_To do_: Where a picture appears, leave it out; copy everything else in the records exactly.

_Records supplied_:
§ §
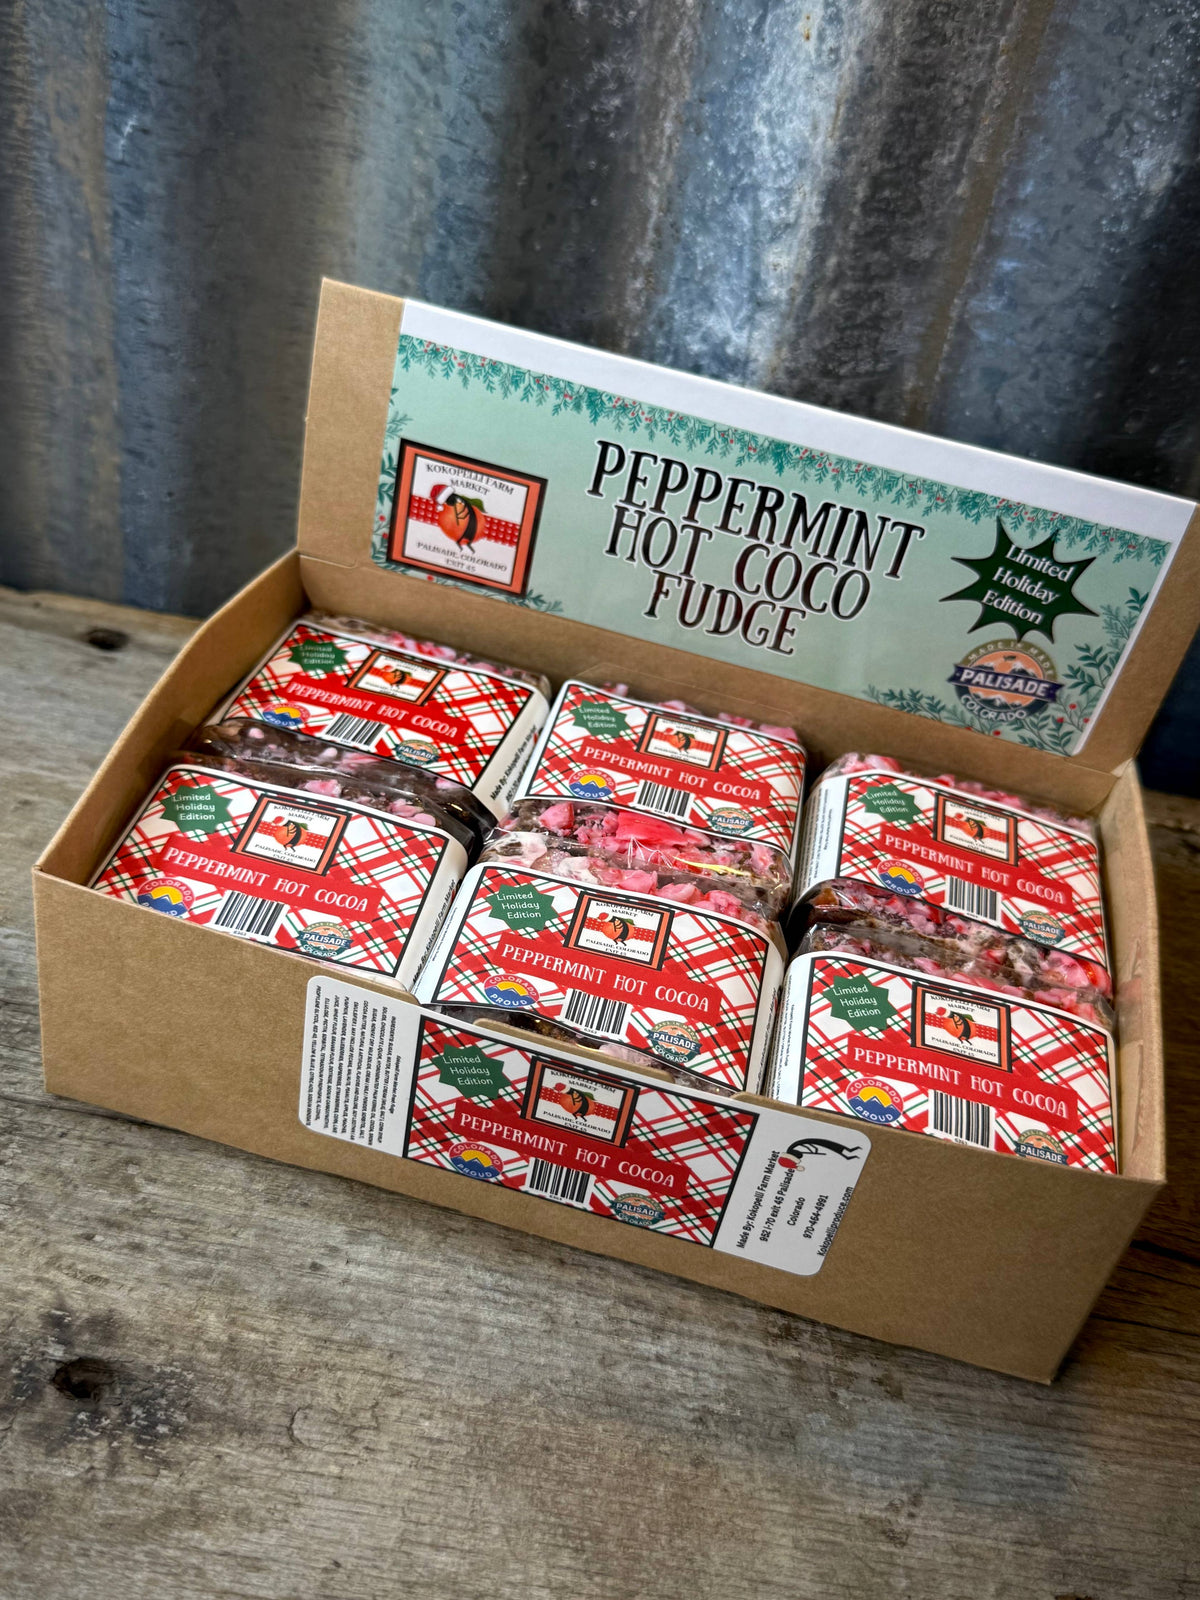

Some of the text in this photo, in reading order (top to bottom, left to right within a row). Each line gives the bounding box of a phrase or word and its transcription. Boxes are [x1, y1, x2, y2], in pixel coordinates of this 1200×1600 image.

[426, 463, 514, 496] KOKOPELLI FARM
[450, 480, 490, 496] MARKET
[587, 440, 925, 579] PEPPERMINT
[460, 553, 508, 572] COLORADO
[466, 564, 476, 573] 45
[605, 504, 870, 620] HOT COCO
[1005, 544, 1074, 582] Limited
[992, 567, 1060, 606] Holiday
[643, 570, 806, 655] FUDGE
[981, 590, 1044, 625] Edition
[960, 669, 1050, 696] PALISADE
[287, 682, 376, 712] PEPPERMINT
[377, 702, 410, 722] HOT
[410, 714, 458, 738] COCOA
[961, 695, 1028, 722] COLORADO
[583, 714, 616, 722] Holiday
[398, 745, 436, 760] PALISADE
[584, 746, 674, 778] PEPPERMINT
[678, 772, 708, 788] HOT
[713, 780, 761, 800] COCOA
[172, 793, 212, 802] Limited
[574, 788, 606, 798] PROUD
[865, 791, 898, 800] Limited
[176, 803, 216, 812] Holiday
[872, 798, 906, 806] Holiday
[879, 806, 910, 814] Edition
[180, 812, 216, 821] Edition
[712, 816, 750, 826] PALISADE
[880, 860, 922, 882] COLORADO
[885, 834, 974, 874] PEPPERMINT
[981, 866, 1011, 886] HOT
[1016, 878, 1065, 904] COCOA
[164, 847, 368, 912] PEPPERMINT HOT COCOA
[884, 880, 917, 894] PROUD
[145, 880, 193, 902] COLORADO
[496, 892, 534, 901] Limited
[438, 902, 448, 920] Farm
[444, 880, 456, 903] Market
[502, 901, 540, 910] Holiday
[506, 911, 542, 920] Edition
[611, 908, 638, 918] MARKET
[1022, 920, 1061, 935] PALISADE
[302, 933, 346, 946] PALISADE
[489, 975, 538, 996] COLORADO
[501, 944, 710, 1012] PEPPERMINT HOT COCOA
[833, 984, 869, 996] Limited
[490, 993, 528, 1006] PROUD
[840, 996, 878, 1006] Holiday
[947, 1002, 976, 1013] MARKET
[847, 1008, 882, 1018] Edition
[652, 1032, 697, 1050] PALISADE
[443, 1056, 482, 1064] Limited
[654, 1044, 688, 1063] COLORADO
[450, 1066, 491, 1076] Holiday
[458, 1077, 494, 1086] Edition
[568, 1080, 598, 1092] MARKET
[854, 1046, 1068, 1119] PEPPERMINT HOT COCOA
[850, 1079, 900, 1103] COLORADO
[855, 1106, 894, 1122] PROUD
[575, 1119, 612, 1134] COLORADO
[453, 1143, 501, 1166] COLORADO
[460, 1112, 675, 1188] PEPPERMINT HOT COCOA
[1020, 1144, 1063, 1164] PALISADE
[457, 1163, 492, 1178] PROUD
[778, 1168, 795, 1196] Palisade
[736, 1150, 780, 1248] Made By: Kokopelli Farm Market
[776, 1190, 784, 1206] 45
[616, 1202, 660, 1218] PALISADE
[770, 1200, 781, 1220] exit
[787, 1196, 806, 1226] Colorado
[803, 1194, 828, 1239] 970-464-4991
[817, 1186, 854, 1256] Kokopelliproduce.com
[760, 1226, 772, 1242] 952
§ §
_Answer for this exercise_:
Some of the text in this photo, in reading order (top to bottom, left to right within a row). Each line gives the bounding box of a phrase or word and its transcription. Boxes are [x1, y1, x2, y2], in pixel coordinates of this 1200×1600 image.

[426, 463, 514, 496] KOKOPELLI FARM
[450, 480, 490, 496] MARKET
[587, 440, 925, 579] PEPPERMINT
[460, 553, 508, 572] COLORADO
[466, 564, 476, 573] 45
[605, 504, 870, 620] HOT COCO
[1005, 544, 1074, 582] Limited
[992, 567, 1060, 606] Holiday
[643, 570, 806, 655] FUDGE
[981, 590, 1044, 625] Edition
[960, 669, 1050, 696] PALISADE
[287, 682, 376, 712] PEPPERMINT
[377, 702, 410, 722] HOT
[410, 714, 458, 738] COCOA
[961, 695, 1028, 722] COLORADO
[583, 714, 616, 722] Holiday
[398, 745, 436, 760] PALISADE
[584, 746, 674, 778] PEPPERMINT
[678, 772, 708, 788] HOT
[713, 780, 761, 800] COCOA
[172, 793, 212, 802] Limited
[574, 788, 606, 798] PROUD
[865, 791, 898, 800] Limited
[176, 803, 216, 812] Holiday
[872, 798, 906, 806] Holiday
[879, 806, 910, 814] Edition
[180, 812, 216, 821] Edition
[712, 816, 750, 826] PALISADE
[880, 860, 922, 882] COLORADO
[885, 834, 974, 874] PEPPERMINT
[981, 866, 1011, 886] HOT
[1016, 878, 1065, 904] COCOA
[164, 847, 368, 912] PEPPERMINT HOT COCOA
[884, 880, 917, 894] PROUD
[145, 880, 193, 902] COLORADO
[496, 892, 534, 901] Limited
[438, 902, 448, 920] Farm
[444, 880, 456, 903] Market
[502, 901, 540, 910] Holiday
[506, 911, 542, 920] Edition
[611, 908, 638, 918] MARKET
[1022, 920, 1061, 935] PALISADE
[302, 933, 346, 946] PALISADE
[489, 975, 538, 996] COLORADO
[501, 944, 710, 1012] PEPPERMINT HOT COCOA
[833, 984, 869, 996] Limited
[490, 993, 528, 1006] PROUD
[840, 996, 878, 1006] Holiday
[947, 1002, 976, 1013] MARKET
[847, 1008, 882, 1018] Edition
[652, 1032, 697, 1050] PALISADE
[443, 1056, 482, 1064] Limited
[654, 1044, 688, 1063] COLORADO
[450, 1066, 491, 1076] Holiday
[458, 1077, 494, 1086] Edition
[568, 1080, 598, 1092] MARKET
[854, 1046, 1068, 1119] PEPPERMINT HOT COCOA
[850, 1079, 900, 1103] COLORADO
[855, 1106, 894, 1122] PROUD
[575, 1119, 612, 1134] COLORADO
[453, 1143, 501, 1166] COLORADO
[460, 1112, 675, 1188] PEPPERMINT HOT COCOA
[1020, 1144, 1063, 1164] PALISADE
[457, 1163, 492, 1178] PROUD
[778, 1168, 795, 1196] Palisade
[736, 1150, 780, 1248] Made By: Kokopelli Farm Market
[776, 1190, 784, 1206] 45
[616, 1202, 660, 1218] PALISADE
[770, 1200, 781, 1220] exit
[787, 1196, 806, 1226] Colorado
[803, 1194, 828, 1239] 970-464-4991
[817, 1186, 854, 1256] Kokopelliproduce.com
[760, 1226, 772, 1242] 952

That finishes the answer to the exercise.